Monday, Nov. 27, 1995

MILESTONES

RECOVERING. THOMAS KEAN, 60, former G.O.P. Governor of New Jersey; from a balloon angioplasty to reopen a blocked artery; in Morristown, New Jersey. After Kean complained of chest pains, doctors sped the popular two termer into the operating room after determining he was dangerously close to a heart attack.

AILING. MARION BARRY, 59, mayor of Washington; from prostate cancer; in Washington. The controversy-dependent overseer of the nation's capital and his doctors insist the ailment was caught soon enough to ensure complete recovery.

AILING. JANET RENO, 57, U.S. Attorney General; from Parkinson's disease; in Washington. The no-frills lawwoman revealed that the progressive muscle affliction was diagnosed last month, but stressed that the condition is being controlled by medication--and underscored the point by extending a rock-steady hand.

DIED. RALPH BLANE, 81, Tin Pan Alley songwriter whose 500 titles include Have Yourself a Merry Little Christmas and Meet Me in St. Louis; in Broken Arrow, Oklahoma.

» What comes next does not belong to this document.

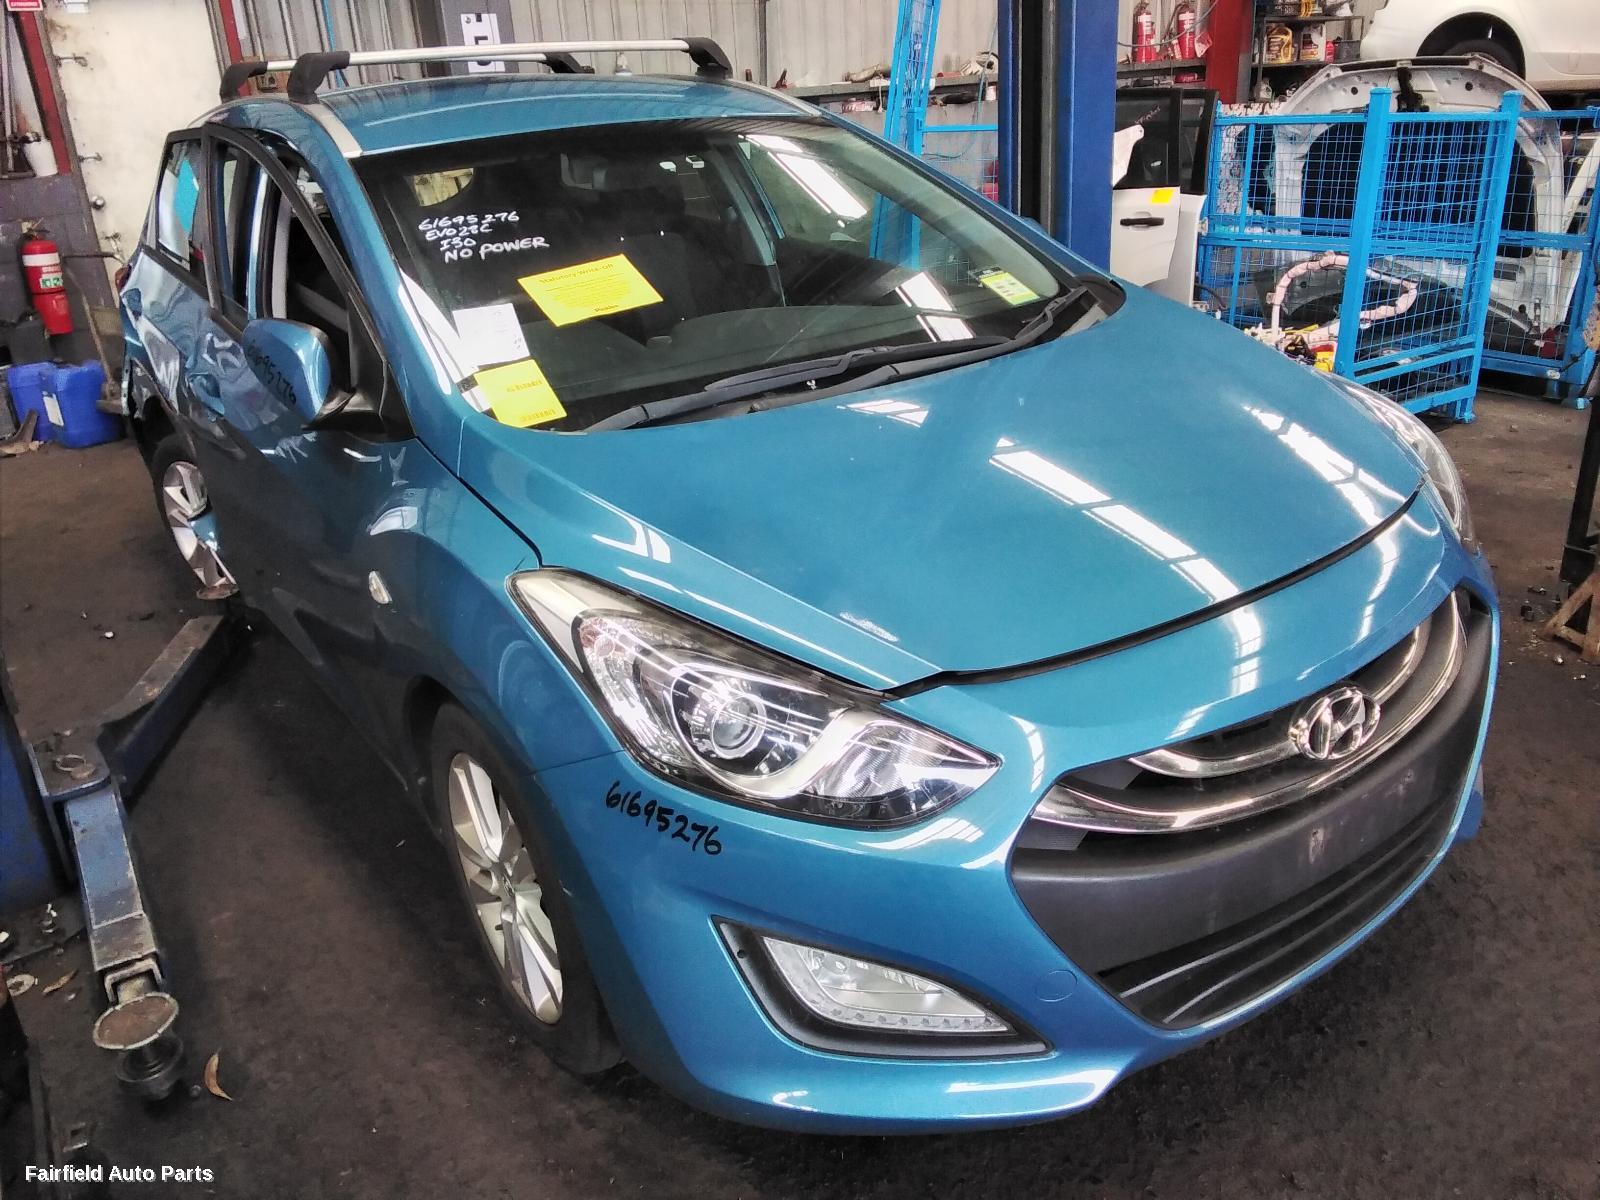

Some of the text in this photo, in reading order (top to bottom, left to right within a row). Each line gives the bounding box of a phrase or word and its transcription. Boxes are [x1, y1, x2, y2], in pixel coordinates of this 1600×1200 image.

[418, 211, 520, 231] 61695276
[444, 236, 550, 264] NO POWER
[605, 780, 722, 855] 61695276
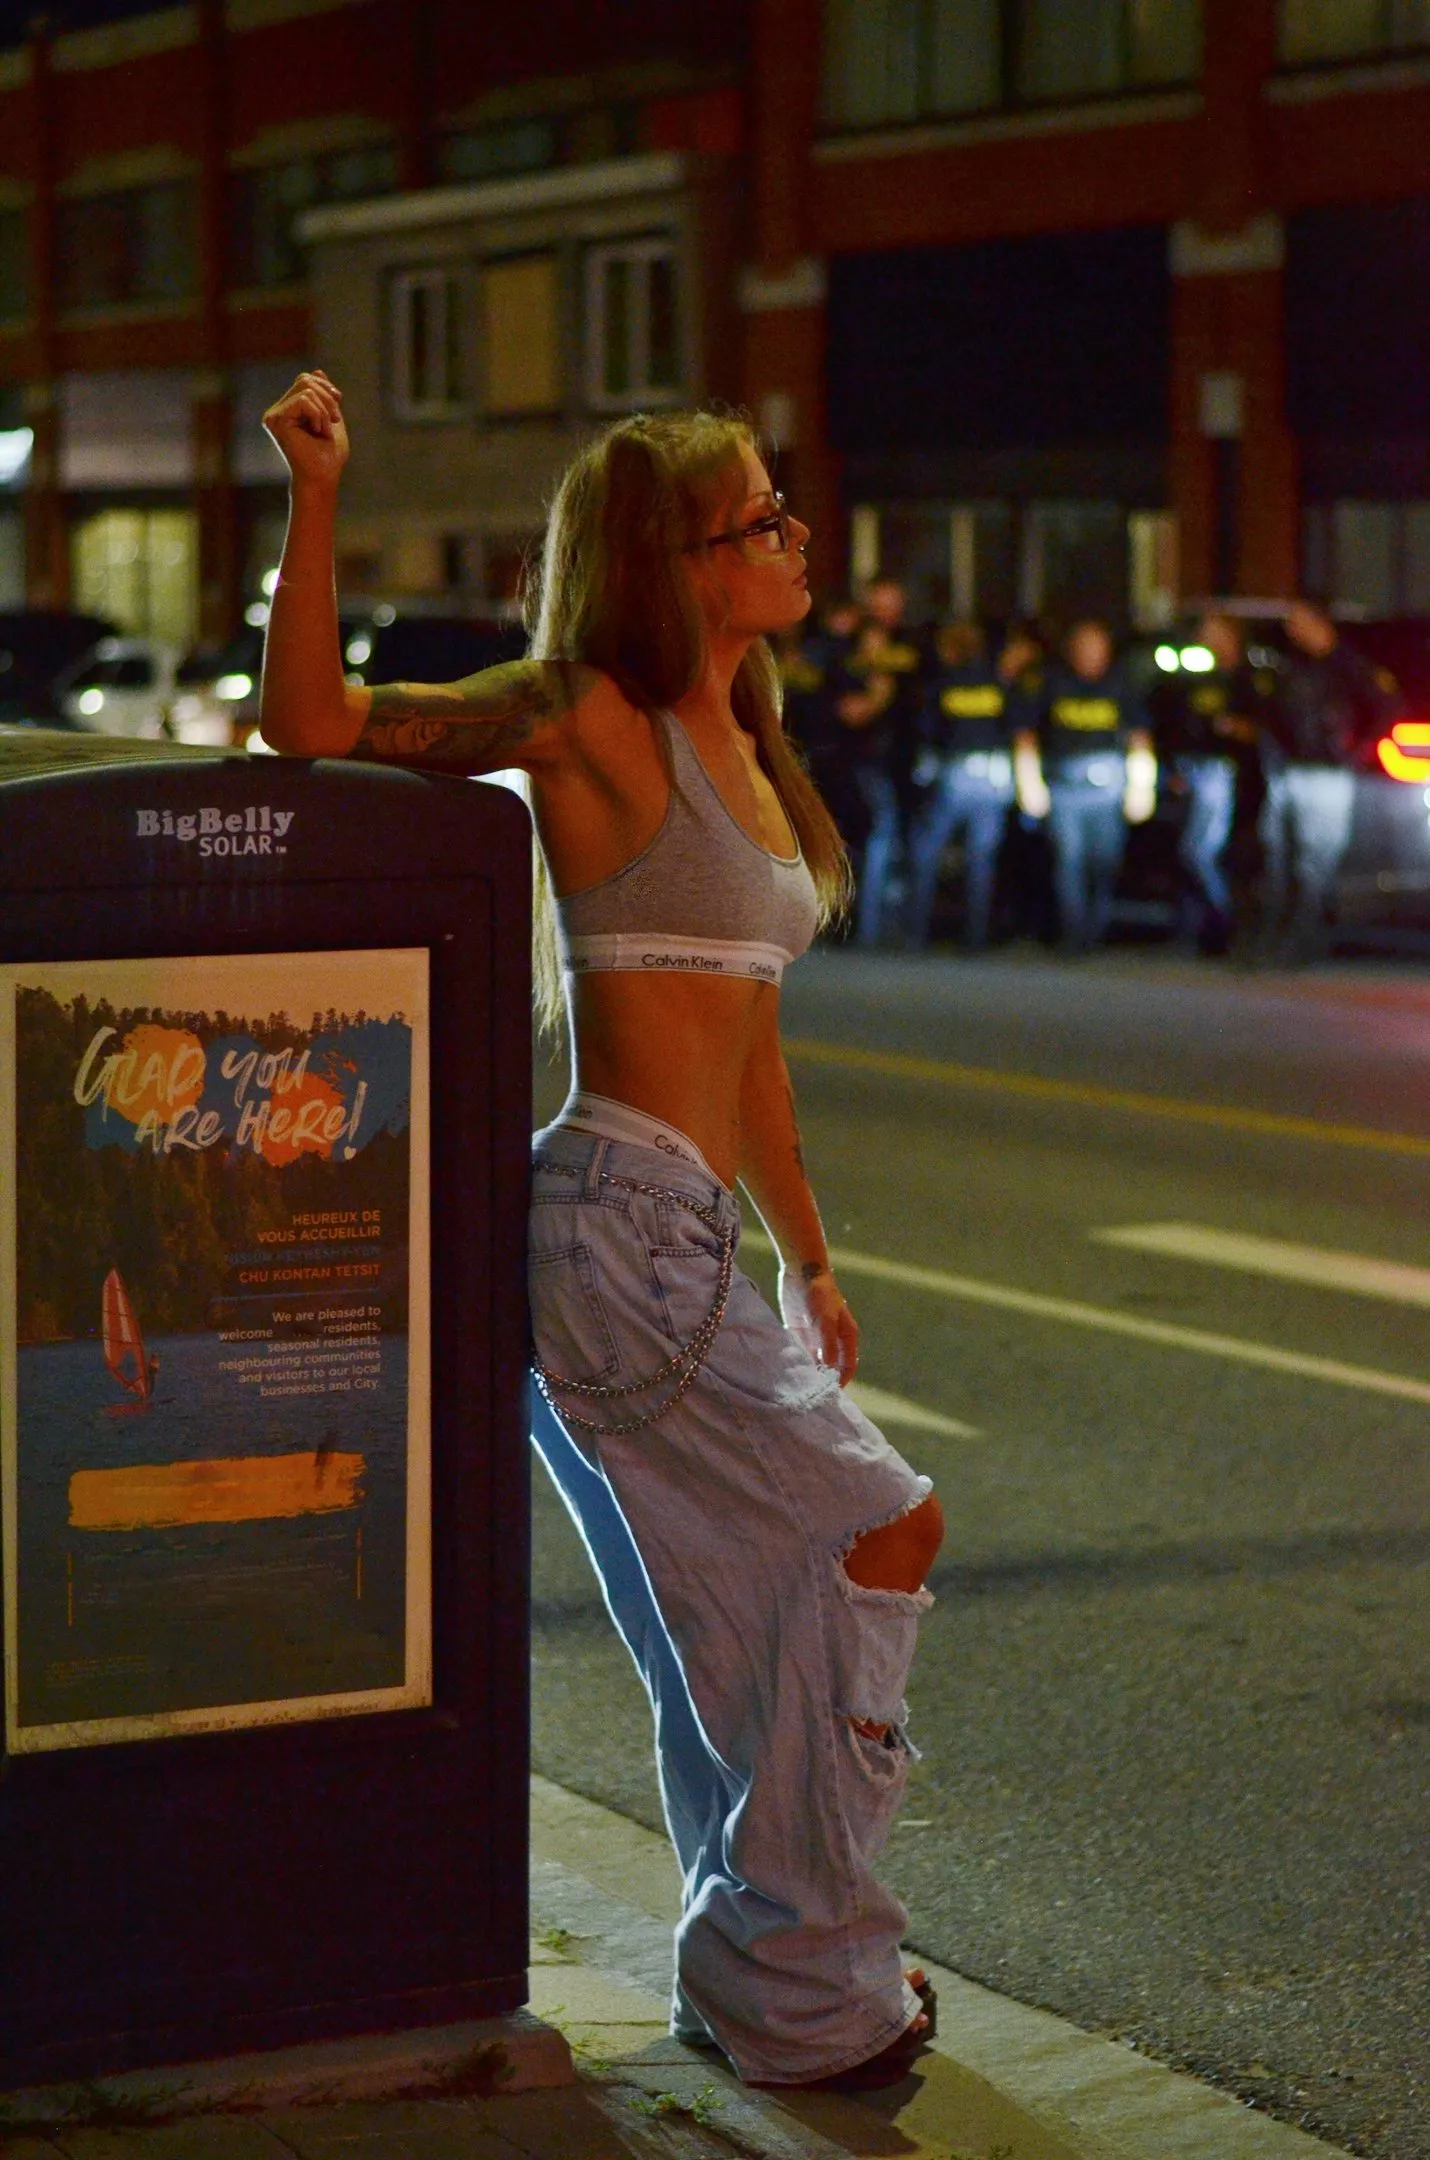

DIED. JACK FINNEY, 84, writer; in Greenbrae, California. Finney's visions ran from a chilling depiction of conformity-as-horror in The Body Snatchers (1955), which spawned three movies, to the nostalgic Time and Again (1970), whose adman/time traveler found love, purpose and a sequel in the gaslit streets of Gilded Age New York.

DIED. SIMON RIFKIND, 94, lawyer and judge; in New York City. Rifkind fought for the cream of society and the wretched of the earth. As General Eisenhower's adviser on Jewish affairs, he pushed for aid to Holocaust victims and immigration to Palestine. As a star attorney, he represented Jacqueline Kennedy Onassis in actions against probing author William Manchester and prying photographer Ronald Galella.